I try not to be prejudiced, but being from California I tend to think of Ohio as lily white. How provincial. Hamilton County, for example, is 23 percent African-American. I had no idea that Houston is 11 percent Asian or Minneapolis-St. Paul, 12 percent – with the largest Hmong population in the United States. I didn’t even know that Latinos make up one-fifth of the population in Nevada, the state right next door.
Having seen “The Music Man” as a child, I thought I knew who lived in Gary, Ind. Nope. That city is more than 83 percent African-American. Detroit? A full 85 percent.
Want more? Check out Georgia, North Carolina, Iowa, Arkansas, Minnesota and Nebraska and you’ll find sizable Hispanic populations.
Pointing out the skew towards whites in story sourcing, KRON’s Franklin says, “Maybe we’re not doing the best journalism. If about 75 percent of the U.S. population is white, are 95 percent of the experts white? Is that the reality? Or does my Rolodex reflect me?”
KRON has a diversity group that meets every week just to talk stories.

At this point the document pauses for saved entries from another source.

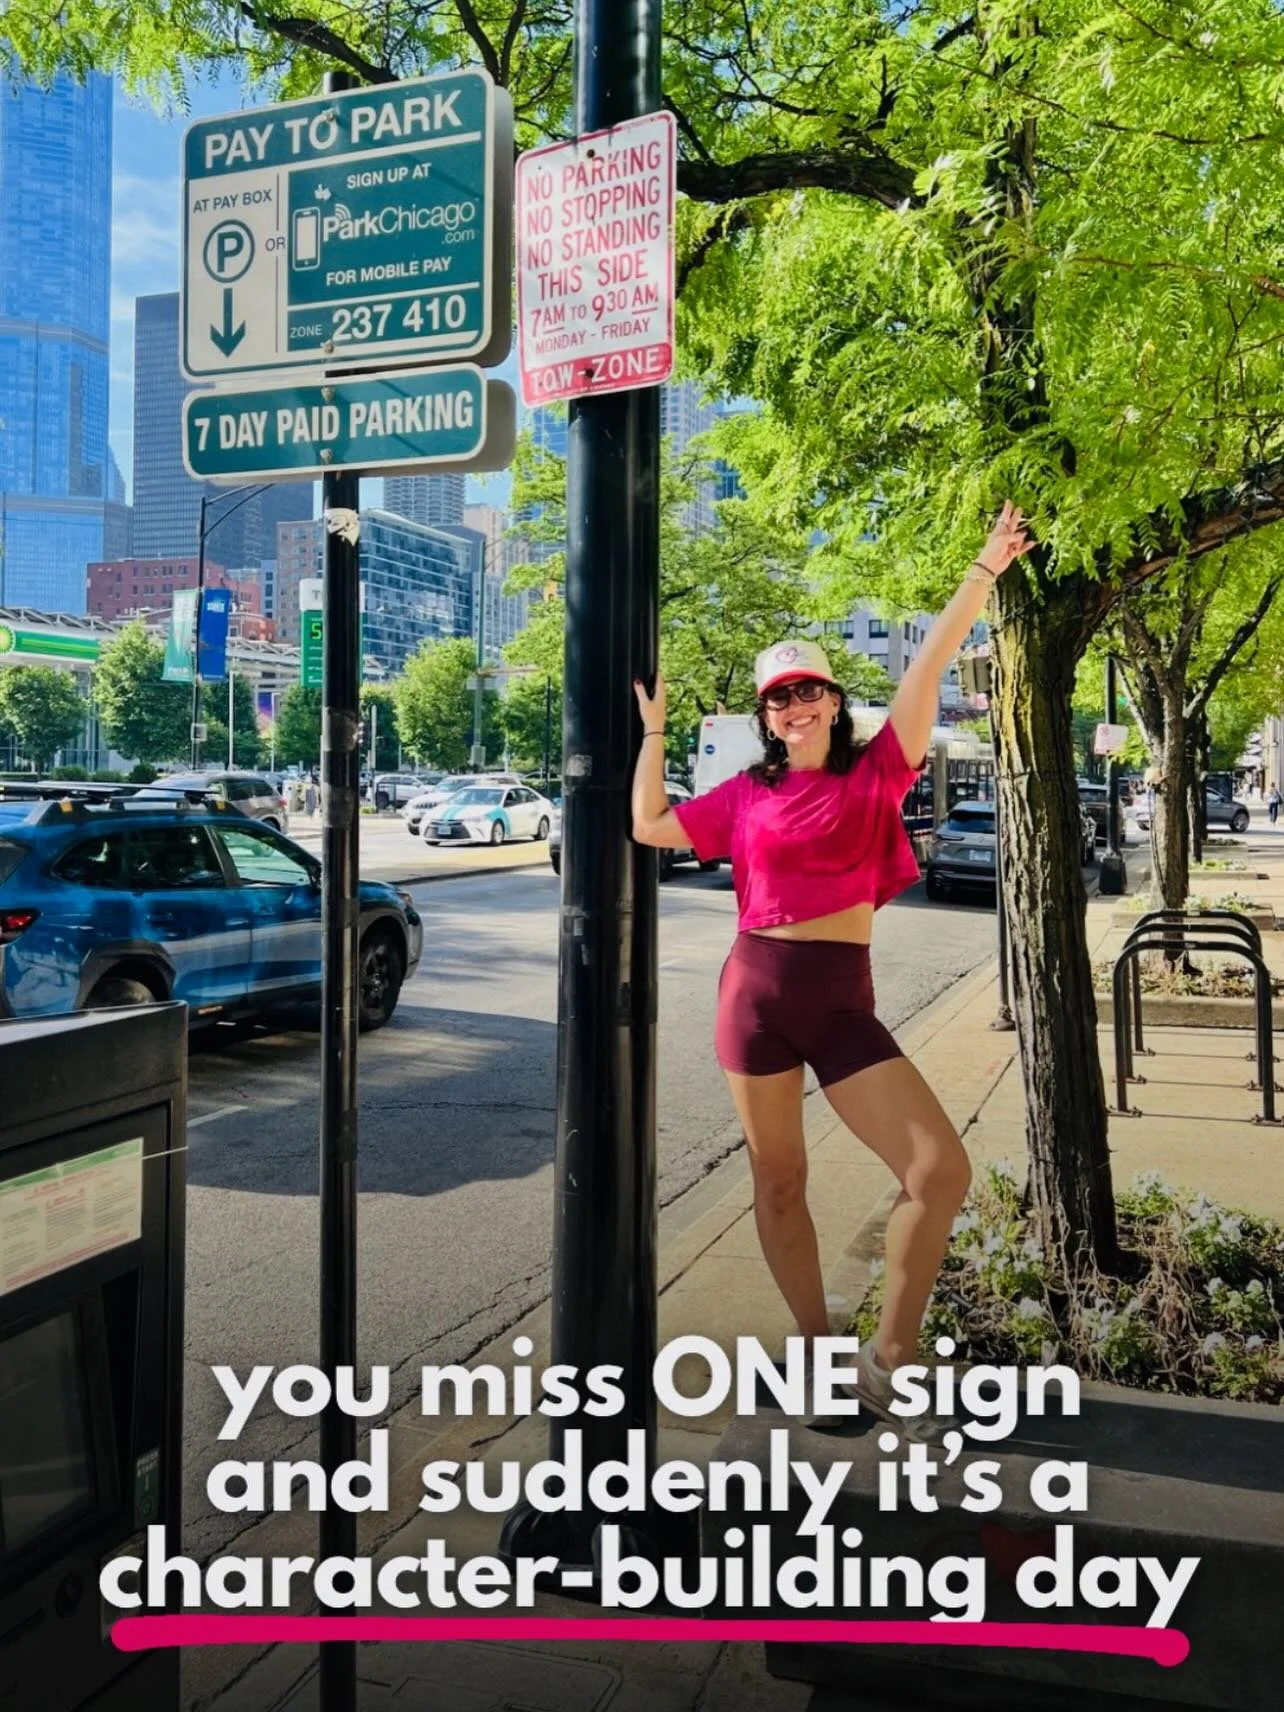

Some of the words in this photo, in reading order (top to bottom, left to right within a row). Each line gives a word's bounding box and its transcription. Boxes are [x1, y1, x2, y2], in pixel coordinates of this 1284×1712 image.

[205, 124, 273, 168] PAY
[284, 112, 338, 154] TO
[351, 90, 462, 143] PARK
[346, 171, 384, 189] SIGN
[387, 167, 408, 183] UP
[411, 163, 432, 178] AT
[527, 173, 553, 203] NO
[562, 141, 661, 194] PARKING
[193, 199, 211, 214] AT
[213, 194, 239, 210] PAY
[244, 188, 272, 207] BOX
[322, 201, 476, 242] ParkChicago
[527, 206, 553, 237] NO
[561, 175, 661, 227] STOPPING
[265, 236, 286, 252] OR
[442, 228, 475, 244] .com
[527, 238, 553, 270] NO
[561, 211, 661, 261] STANDING
[326, 268, 357, 287] FOR
[360, 260, 419, 282] MOBILE
[423, 256, 452, 275] PAY
[538, 265, 582, 301] THIS
[597, 248, 648, 287] SIDE
[290, 324, 323, 339] ZONE
[331, 303, 393, 342] 237
[402, 294, 466, 333] 410
[570, 304, 587, 321] TO
[631, 282, 659, 307] AM
[535, 330, 587, 354] MONDAY
[601, 318, 650, 341] FRIDAY
[194, 417, 211, 452] 7
[219, 410, 268, 450] DAY
[277, 404, 340, 445] PAID
[350, 390, 473, 439] PARKING

Franklin, who is white, says that’s how producers there overcome the disabilities of a largely monochrome, middle-class newsroom. They talk about how to broaden reporting beyond their own circle of familiarity – and to look at stories about racial and ethnic minority groups from the inside. The results? A feature on Filipino veterans who had been denied government benefits. An award-winning, two-part series on racial profiling of Arab Americans. “It’s a more sophisticated approach,” Franklin said.

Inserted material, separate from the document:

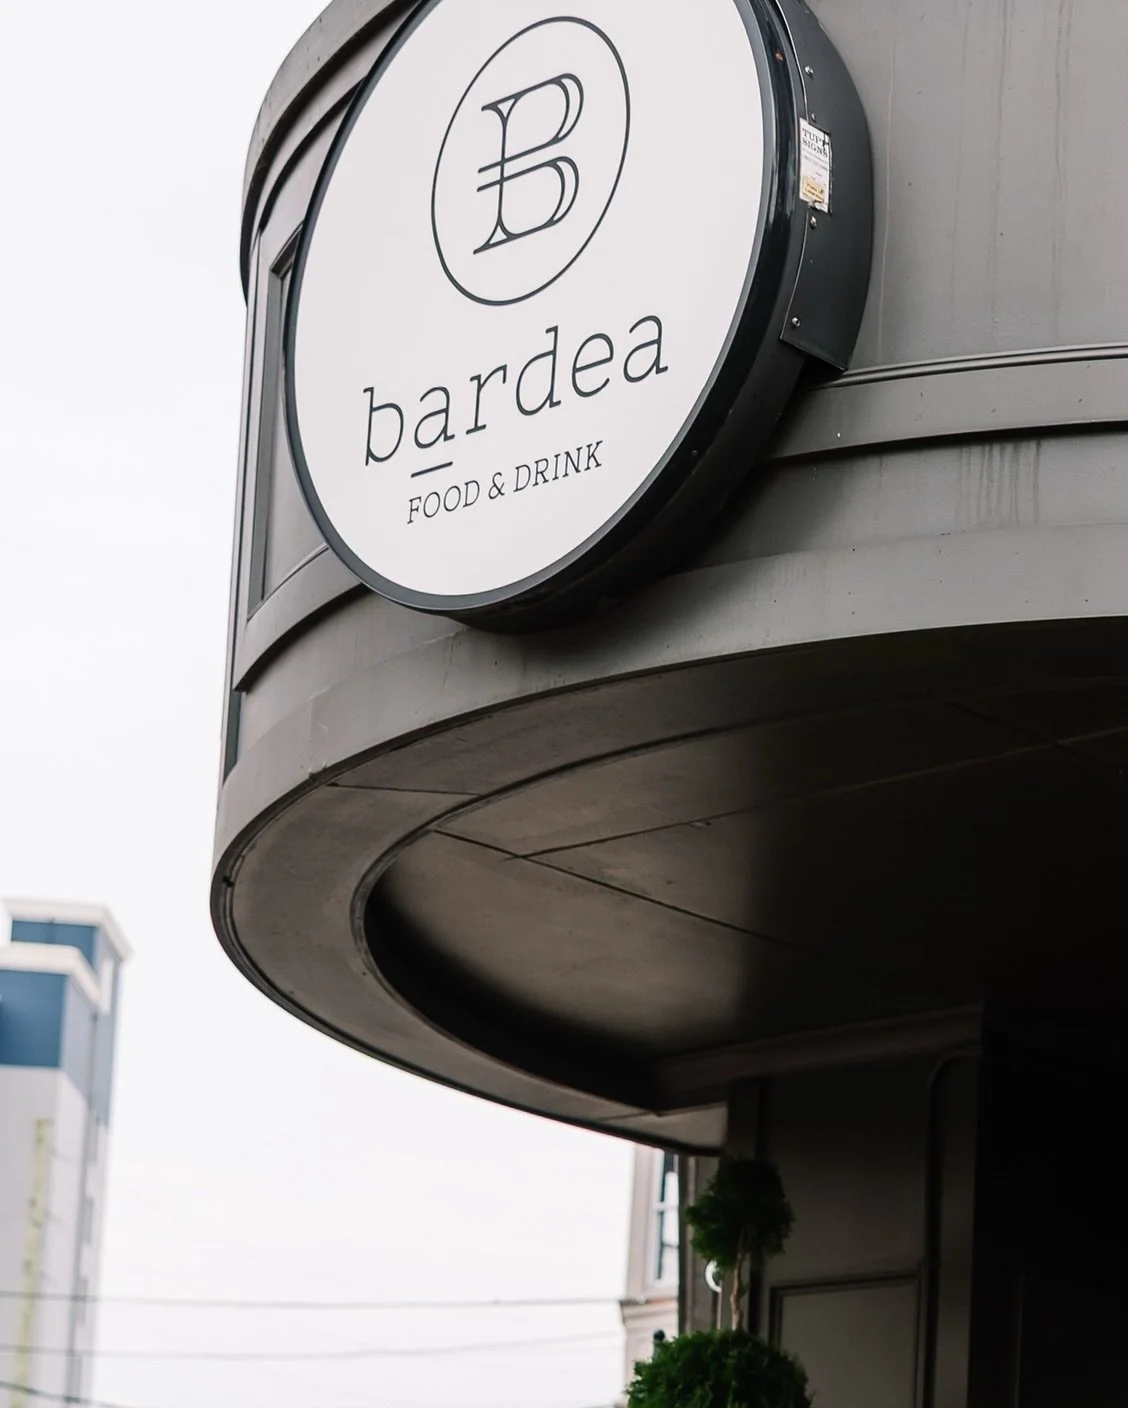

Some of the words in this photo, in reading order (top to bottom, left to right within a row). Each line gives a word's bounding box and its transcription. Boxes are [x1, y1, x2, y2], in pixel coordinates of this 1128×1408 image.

[362, 314, 669, 467] bardea
[406, 479, 481, 525] FOOD
[487, 471, 506, 500] &
[512, 439, 604, 493] DRINK

In the weeks following Sept. 11, San Francisco Chronicle reporter Carol Ness was immensely grateful to have already collected a broad range of Muslim sources. Three years earlier, when Clinton ordered the bombing of Sudan and Afghanistan, she recalls having to produce a profile of Bay Area Islam in one day. That time, she relied on one person to link her to the extensive Muslim population in the area.
We all know this technique will work in a pinch, but it can limit your vision. Ness points out that a single source may have a great network, but everyone in it is likely to have a similar perspective. It’s risky to rely on one individual – and his or her contacts – to serve as a voice for an entire community.

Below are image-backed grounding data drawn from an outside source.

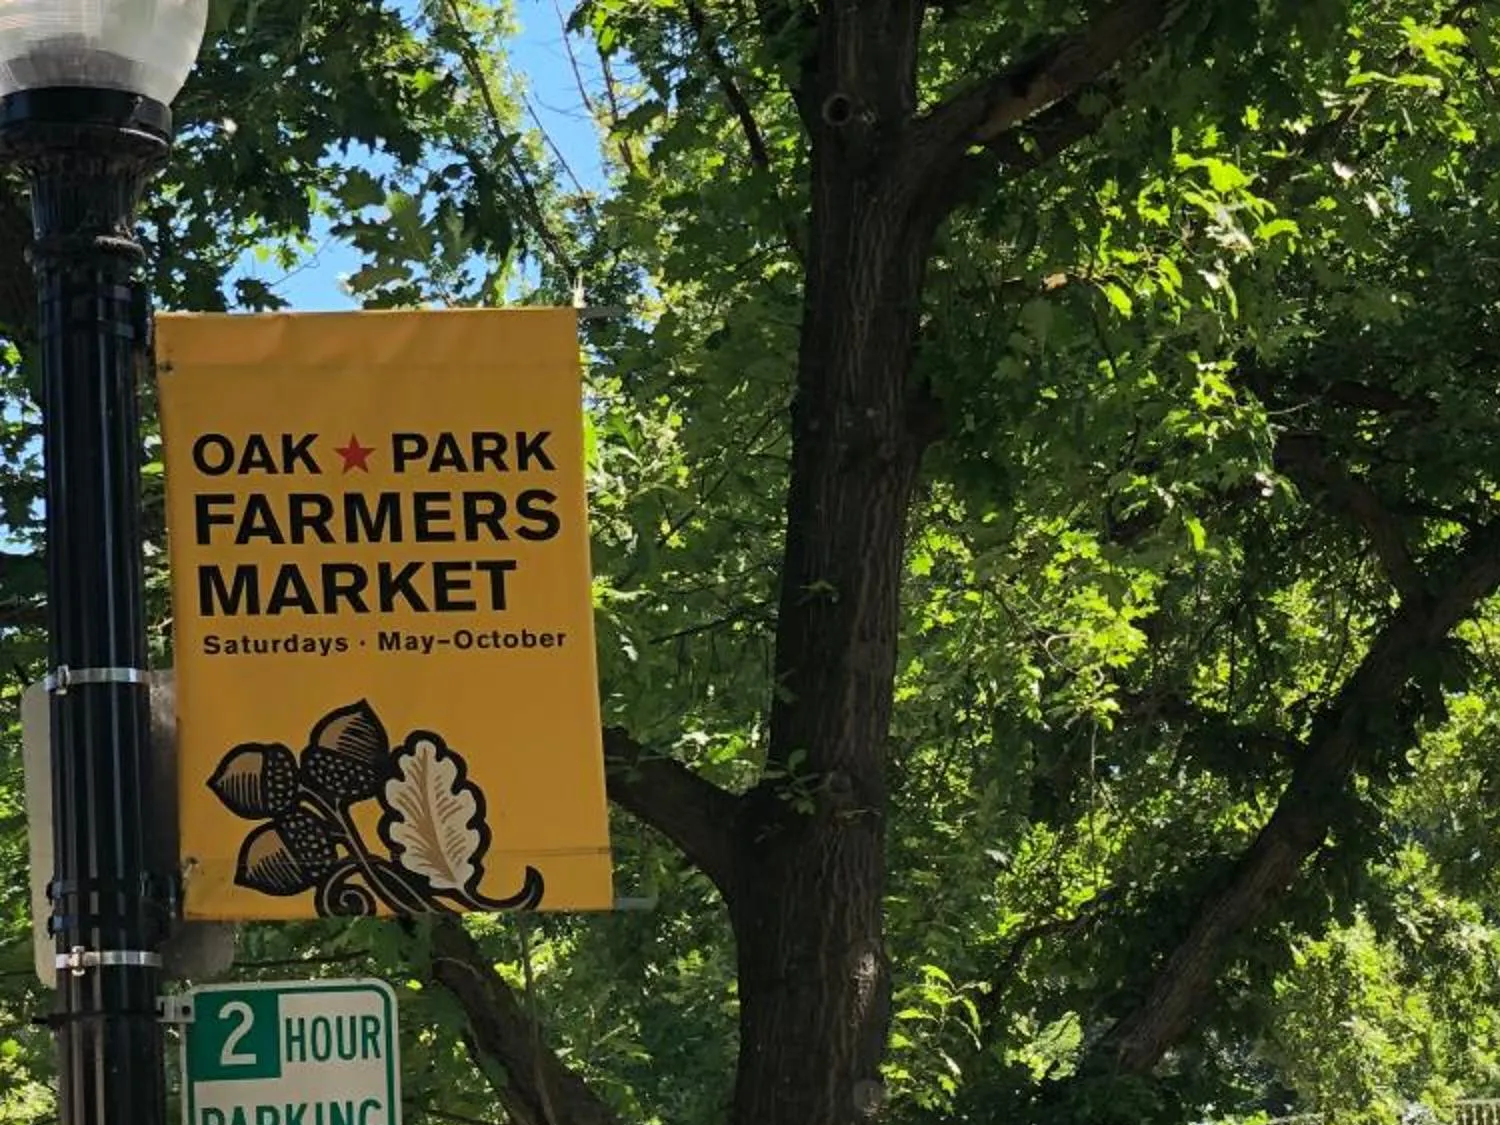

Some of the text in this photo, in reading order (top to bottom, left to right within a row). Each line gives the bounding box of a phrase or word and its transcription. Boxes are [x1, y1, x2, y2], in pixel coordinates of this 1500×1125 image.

[192, 430, 557, 477] OAK PARK
[195, 488, 562, 545] FARMERS
[197, 559, 517, 617] MARKET
[203, 633, 349, 656] Saturdays
[218, 1001, 381, 1066] 2 HOUR
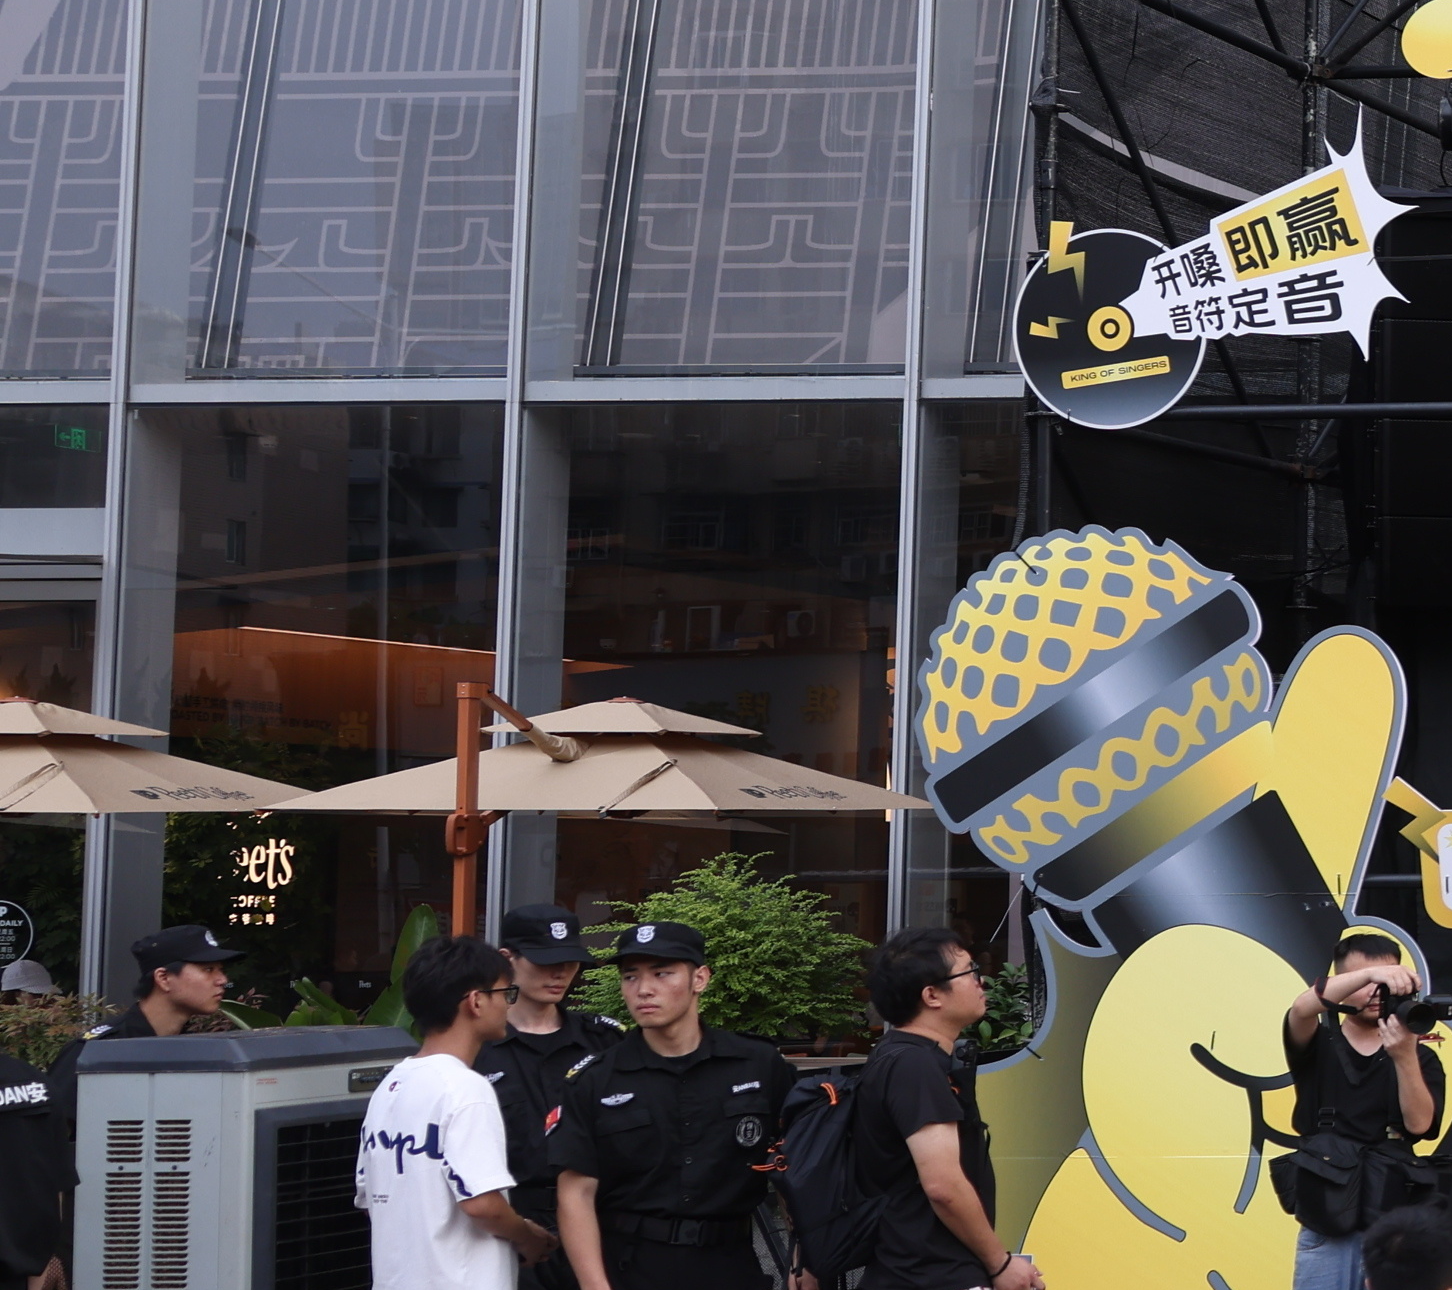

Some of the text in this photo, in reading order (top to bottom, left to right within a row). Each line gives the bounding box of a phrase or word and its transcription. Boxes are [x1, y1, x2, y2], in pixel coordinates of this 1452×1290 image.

In a series of roundtables held by the Freedom Forum a few years ago, people around the country complained that too often, newspapers picked the wrong people to “anoint” as speakers for the whole community. In a related concern, members of minority groups wondered why inclusion seemed to occur mostly in features or in stories about race-related issues. Reporting on the Free Press/Fair Press Project, Robert J. Haiman quotes one black man’s delight that summer feature photos now commonly include black, Latino, or Asian children at play, along with white ones. But, the man asked, “Where is the story that quotes a black doctor on some medical (advance) that has nothing to do with race?”
Your journalism can only be as good as your sourcing. So why not work a little harder to make it better? With this in mind, the Society of Professional Journalists has created the Rainbow Source Book, designed to make it easy to report beyond the narrow demographic band most of us usually consult. You can search the database by topic or state and pull up a list of top-notch candidates to get you started on just about any story. Other journalists have collected these sources, so you know they’re not being plugged by a marketing department or public relations firm.
For tips and techniques on how to expand your source list further, take a look at a companion set of essays in the SPJ Diversity Tool Box. There you’ll also find a wealth of links. Check out the riches in the Rainbow Source Book and Diversity Tool Box – and skip a little legwork on the way to the best reporting you can do.
Sally Lehrman is a free-lance writer and chair of SPJ’s Diversity Committee.